DATA START

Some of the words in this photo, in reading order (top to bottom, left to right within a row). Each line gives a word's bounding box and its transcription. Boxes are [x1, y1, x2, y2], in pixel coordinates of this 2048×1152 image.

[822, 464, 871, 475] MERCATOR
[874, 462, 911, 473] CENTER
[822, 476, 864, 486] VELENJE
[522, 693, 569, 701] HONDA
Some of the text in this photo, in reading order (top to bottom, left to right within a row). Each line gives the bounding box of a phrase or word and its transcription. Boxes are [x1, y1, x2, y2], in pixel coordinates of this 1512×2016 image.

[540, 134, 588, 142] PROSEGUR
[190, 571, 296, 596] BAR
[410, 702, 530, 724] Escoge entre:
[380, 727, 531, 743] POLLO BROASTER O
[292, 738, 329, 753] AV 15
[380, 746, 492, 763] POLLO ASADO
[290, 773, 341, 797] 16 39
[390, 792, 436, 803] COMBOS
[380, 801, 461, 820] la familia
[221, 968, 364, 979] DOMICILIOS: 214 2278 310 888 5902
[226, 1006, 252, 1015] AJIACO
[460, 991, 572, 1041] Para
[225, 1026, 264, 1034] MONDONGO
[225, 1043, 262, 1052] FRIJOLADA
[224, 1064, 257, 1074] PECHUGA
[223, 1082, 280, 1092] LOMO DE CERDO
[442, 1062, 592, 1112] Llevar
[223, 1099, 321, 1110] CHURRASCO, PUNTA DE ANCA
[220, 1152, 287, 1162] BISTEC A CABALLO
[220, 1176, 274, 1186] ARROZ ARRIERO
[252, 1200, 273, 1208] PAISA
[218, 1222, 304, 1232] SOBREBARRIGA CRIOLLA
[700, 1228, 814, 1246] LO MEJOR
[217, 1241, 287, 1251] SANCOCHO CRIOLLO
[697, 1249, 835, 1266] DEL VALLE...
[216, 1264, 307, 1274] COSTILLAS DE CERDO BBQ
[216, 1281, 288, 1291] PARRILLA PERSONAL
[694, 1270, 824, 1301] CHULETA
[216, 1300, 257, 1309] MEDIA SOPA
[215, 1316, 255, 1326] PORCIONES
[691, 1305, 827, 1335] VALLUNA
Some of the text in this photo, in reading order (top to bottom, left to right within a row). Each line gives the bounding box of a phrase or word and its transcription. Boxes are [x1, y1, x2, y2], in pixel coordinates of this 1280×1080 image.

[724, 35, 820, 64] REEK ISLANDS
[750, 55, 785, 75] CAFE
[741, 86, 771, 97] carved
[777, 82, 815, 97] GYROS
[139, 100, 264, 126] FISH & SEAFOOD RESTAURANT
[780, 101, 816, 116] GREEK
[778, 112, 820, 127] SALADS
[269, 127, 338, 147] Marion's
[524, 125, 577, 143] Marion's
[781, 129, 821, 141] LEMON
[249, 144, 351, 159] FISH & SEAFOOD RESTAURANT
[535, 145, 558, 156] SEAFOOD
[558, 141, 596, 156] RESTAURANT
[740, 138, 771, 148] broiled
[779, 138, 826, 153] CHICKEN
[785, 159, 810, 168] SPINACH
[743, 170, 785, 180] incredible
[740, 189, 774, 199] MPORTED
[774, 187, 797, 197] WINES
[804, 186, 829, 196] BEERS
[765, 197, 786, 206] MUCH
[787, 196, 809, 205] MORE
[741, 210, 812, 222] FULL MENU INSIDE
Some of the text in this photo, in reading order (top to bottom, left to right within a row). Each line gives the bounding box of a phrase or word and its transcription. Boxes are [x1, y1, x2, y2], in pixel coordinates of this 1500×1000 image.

DATA END

→ ACTIVITY:
Reproduce the data in its entirety, matching each character.

→ RESULT:
Some of the words in this photo, in reading order (top to bottom, left to right within a row). Each line gives a word's bounding box and its transcription. Boxes are [x1, y1, x2, y2], in pixel coordinates of this 2048×1152 image.

[822, 464, 871, 475] MERCATOR
[874, 462, 911, 473] CENTER
[822, 476, 864, 486] VELENJE
[522, 693, 569, 701] HONDA
Some of the text in this photo, in reading order (top to bottom, left to right within a row). Each line gives the bounding box of a phrase or word and its transcription. Boxes are [x1, y1, x2, y2], in pixel coordinates of this 1512×2016 image.

[540, 134, 588, 142] PROSEGUR
[190, 571, 296, 596] BAR
[410, 702, 530, 724] Escoge entre:
[380, 727, 531, 743] POLLO BROASTER O
[292, 738, 329, 753] AV 15
[380, 746, 492, 763] POLLO ASADO
[290, 773, 341, 797] 16 39
[390, 792, 436, 803] COMBOS
[380, 801, 461, 820] la familia
[221, 968, 364, 979] DOMICILIOS: 214 2278 310 888 5902
[226, 1006, 252, 1015] AJIACO
[460, 991, 572, 1041] Para
[225, 1026, 264, 1034] MONDONGO
[225, 1043, 262, 1052] FRIJOLADA
[224, 1064, 257, 1074] PECHUGA
[223, 1082, 280, 1092] LOMO DE CERDO
[442, 1062, 592, 1112] Llevar
[223, 1099, 321, 1110] CHURRASCO, PUNTA DE ANCA
[220, 1152, 287, 1162] BISTEC A CABALLO
[220, 1176, 274, 1186] ARROZ ARRIERO
[252, 1200, 273, 1208] PAISA
[218, 1222, 304, 1232] SOBREBARRIGA CRIOLLA
[700, 1228, 814, 1246] LO MEJOR
[217, 1241, 287, 1251] SANCOCHO CRIOLLO
[697, 1249, 835, 1266] DEL VALLE...
[216, 1264, 307, 1274] COSTILLAS DE CERDO BBQ
[216, 1281, 288, 1291] PARRILLA PERSONAL
[694, 1270, 824, 1301] CHULETA
[216, 1300, 257, 1309] MEDIA SOPA
[215, 1316, 255, 1326] PORCIONES
[691, 1305, 827, 1335] VALLUNA
Some of the text in this photo, in reading order (top to bottom, left to right within a row). Each line gives the bounding box of a phrase or word and its transcription. Boxes are [x1, y1, x2, y2], in pixel coordinates of this 1280×1080 image.

[724, 35, 820, 64] REEK ISLANDS
[750, 55, 785, 75] CAFE
[741, 86, 771, 97] carved
[777, 82, 815, 97] GYROS
[139, 100, 264, 126] FISH & SEAFOOD RESTAURANT
[780, 101, 816, 116] GREEK
[778, 112, 820, 127] SALADS
[269, 127, 338, 147] Marion's
[524, 125, 577, 143] Marion's
[781, 129, 821, 141] LEMON
[249, 144, 351, 159] FISH & SEAFOOD RESTAURANT
[535, 145, 558, 156] SEAFOOD
[558, 141, 596, 156] RESTAURANT
[740, 138, 771, 148] broiled
[779, 138, 826, 153] CHICKEN
[785, 159, 810, 168] SPINACH
[743, 170, 785, 180] incredible
[740, 189, 774, 199] MPORTED
[774, 187, 797, 197] WINES
[804, 186, 829, 196] BEERS
[765, 197, 786, 206] MUCH
[787, 196, 809, 205] MORE
[741, 210, 812, 222] FULL MENU INSIDE
Some of the text in this photo, in reading order (top to bottom, left to right within a row). Each line gives the bounding box of a phrase or word and its transcription. Boxes are [x1, y1, x2, y2], in pixel coordinates of this 1500×1000 image.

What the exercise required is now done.